Cursor Examples Across Browsers and Platforms

If you're implementing CSS cursors as an aspect of progressive enhancement, it might be useful to see exactly how each built-in cursor will appear across browsers and platforms. This will enable you to make informed decisions about how to design your interface. Here you'll find a good reference for seeing how the cursors look in across operating systems:

Windows 7

Browsers Tested

  • IE9
  • IE8
  • Chrome
  • Safari 5.1.7
  • Firefox
  • Opera

Windows XP

Browsers Tested

  • IE8
  • IE7
  • Chrome
  • Safari 5.1.7
  • Firefox
  • Opera

OSX 10.8

Browsers Tested

  • Chrome 22.0
  • Safari 6.0
  • Firefox 15.0
  • Opera 12.02

As you can see, there are various subtle differences which may or may not affect the design of your interface. Take a look at the complete chart to compare cursors across browsers and platforms.


Conclusion

As you can see, the cursor rule in CSS is an additional tool you can employ in aiding user interaction with your website or application. However, you've probably noticed how different and varied each cursor can be, depending on the user's browser and operating system.

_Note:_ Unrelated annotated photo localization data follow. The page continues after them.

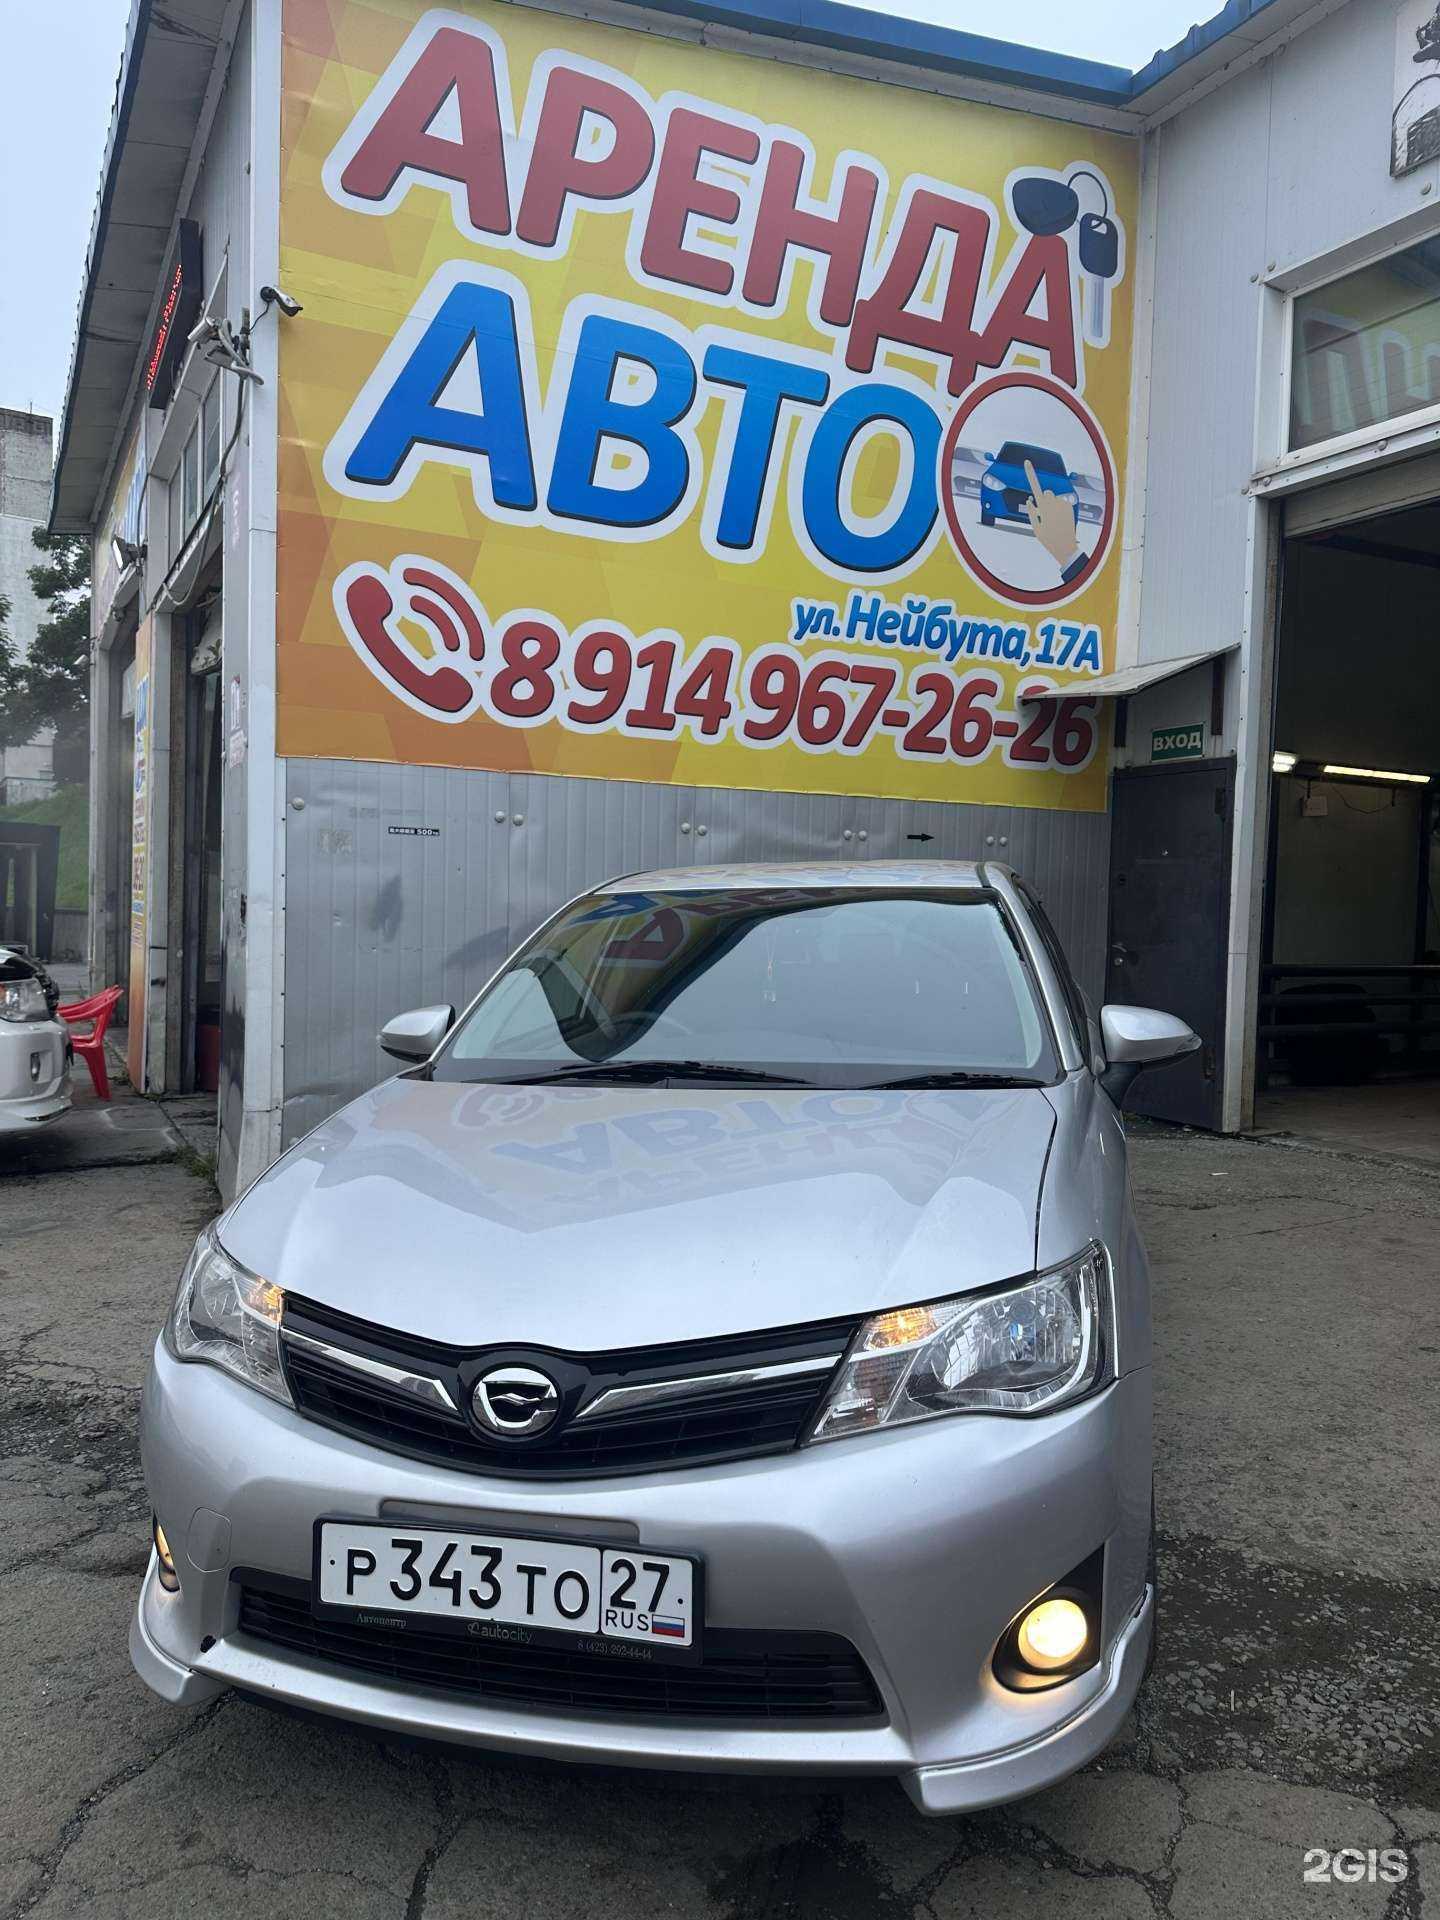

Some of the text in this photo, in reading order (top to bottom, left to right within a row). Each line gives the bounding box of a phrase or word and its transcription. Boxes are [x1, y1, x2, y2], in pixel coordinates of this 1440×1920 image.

[340, 27, 1078, 398] АРЕНДА
[345, 281, 943, 573] АВТО
[490, 621, 1097, 766] 8 914 967-26-26
[1153, 732, 1201, 751] ВХОД
[610, 1558, 671, 1612] 27
[481, 1624, 534, 1645] autocity
[605, 1610, 650, 1632] RUS

These notable differences in cursors, in addition to the increasing use of touch screen devices, have relegated the cursor rule to a supplementary role in aiding UI interaction, but that doesn't make it obsolete. It is much better to prudently use the cursor as a feature of progressive enhancement than it is to completely disregard it. And now that you know how to use it, go and create something awesome!